== WHAT YOU NEED TO DO ==
Would you repeat the listing below exactly, with no pictures in it?
TASK MATERIAL START
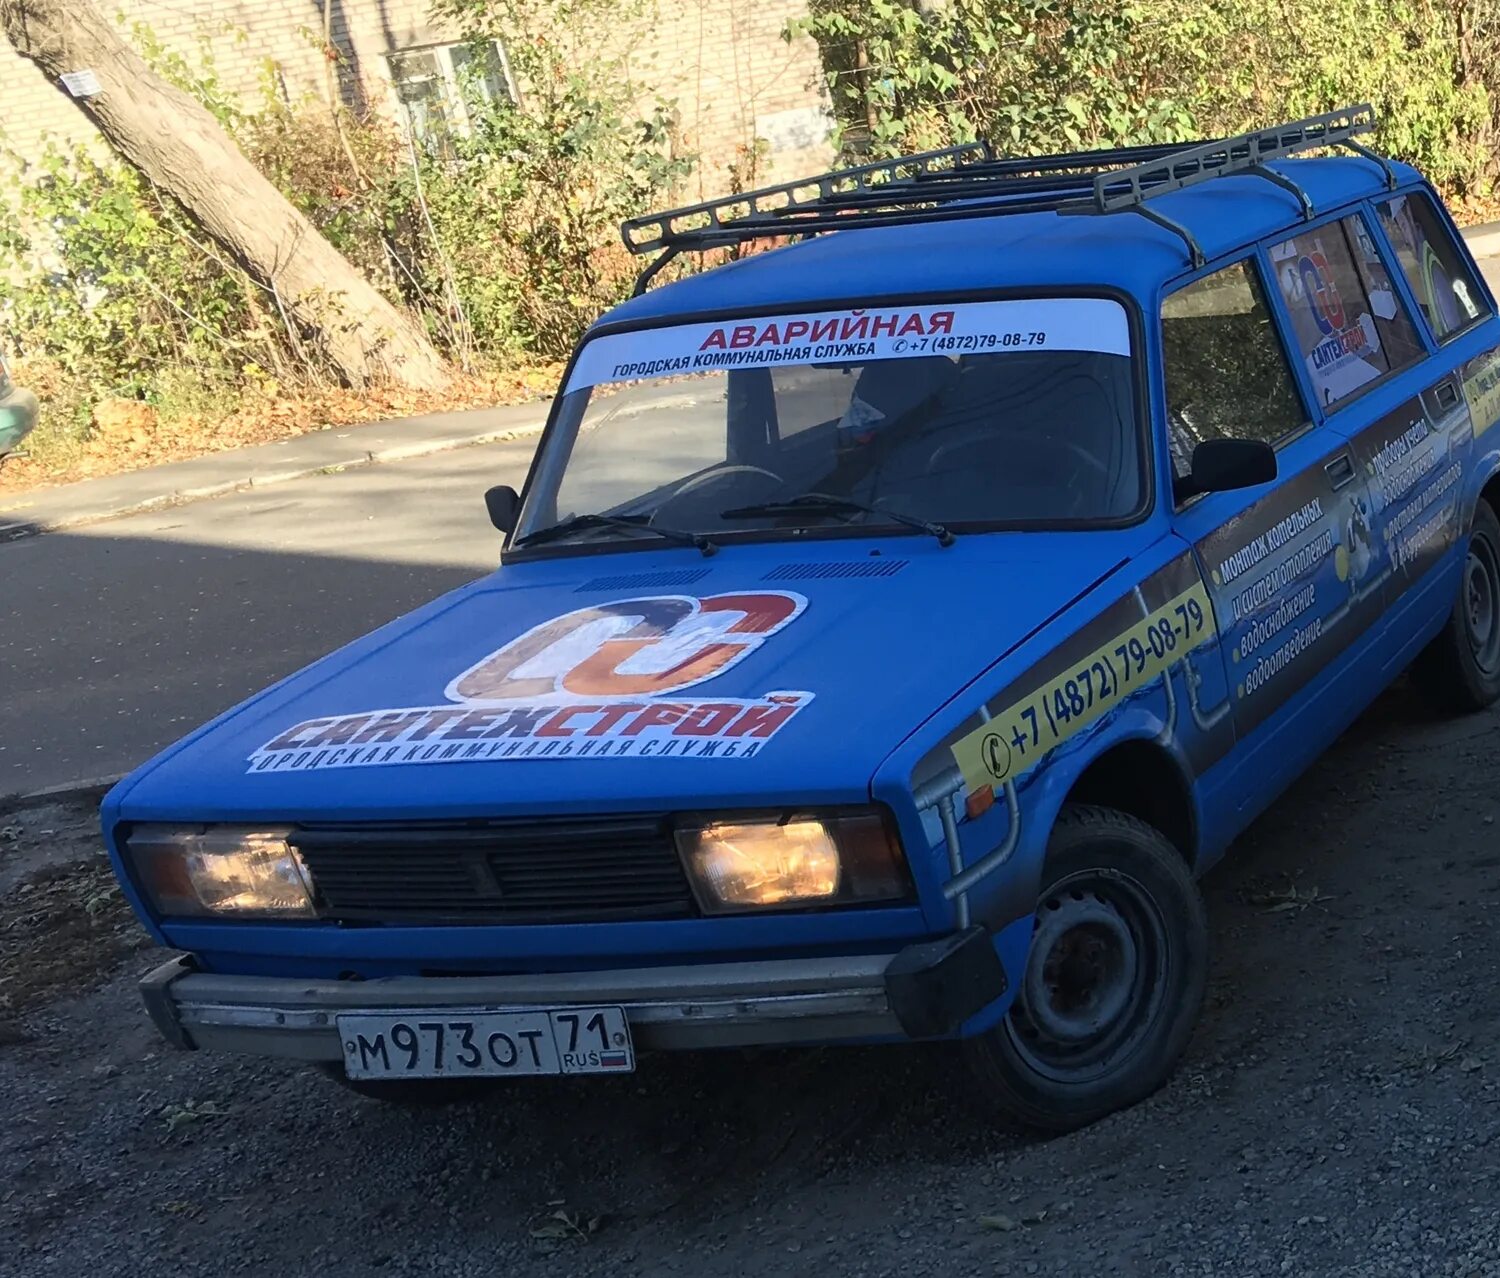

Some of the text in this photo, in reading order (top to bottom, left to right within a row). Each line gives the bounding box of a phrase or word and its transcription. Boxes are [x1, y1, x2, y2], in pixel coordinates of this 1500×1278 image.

[699, 309, 956, 351] АВАРИЙНАЯ
[612, 356, 690, 378] ГОРОДСКАЯ
[692, 348, 811, 367] КОММУНАЛЬНАЯ
[814, 342, 876, 359] СЛУЖБА
[910, 338, 929, 351] +7
[1220, 497, 1324, 584] монтаж котельных
[1232, 529, 1333, 621] и систем отопления
[1240, 583, 1316, 658] водоснабжение
[1011, 598, 1204, 755] +7 (4872) 79-08-79
[1245, 617, 1322, 695] водоотведение
[264, 695, 798, 751] САНТЕХСТРОЙ
[402, 739, 635, 761] КОММУНАЛЬНАЯ
[639, 739, 760, 757] СЛУЖБА
[357, 1023, 543, 1070] М973ОТ
[557, 1014, 610, 1051] 71
[563, 1051, 601, 1067] RUS
TASK MATERIAL END
== COMPLETED TASK ==
Some of the text in this photo, in reading order (top to bottom, left to right within a row). Each line gives the bounding box of a phrase or word and its transcription. Boxes are [x1, y1, x2, y2], in pixel coordinates of this 1500×1278 image.

[699, 309, 956, 351] АВАРИЙНАЯ
[612, 356, 690, 378] ГОРОДСКАЯ
[692, 348, 811, 367] КОММУНАЛЬНАЯ
[814, 342, 876, 359] СЛУЖБА
[910, 338, 929, 351] +7
[1220, 497, 1324, 584] монтаж котельных
[1232, 529, 1333, 621] и систем отопления
[1240, 583, 1316, 658] водоснабжение
[1011, 598, 1204, 755] +7 (4872) 79-08-79
[1245, 617, 1322, 695] водоотведение
[264, 695, 798, 751] САНТЕХСТРОЙ
[402, 739, 635, 761] КОММУНАЛЬНАЯ
[639, 739, 760, 757] СЛУЖБА
[357, 1023, 543, 1070] М973ОТ
[557, 1014, 610, 1051] 71
[563, 1051, 601, 1067] RUS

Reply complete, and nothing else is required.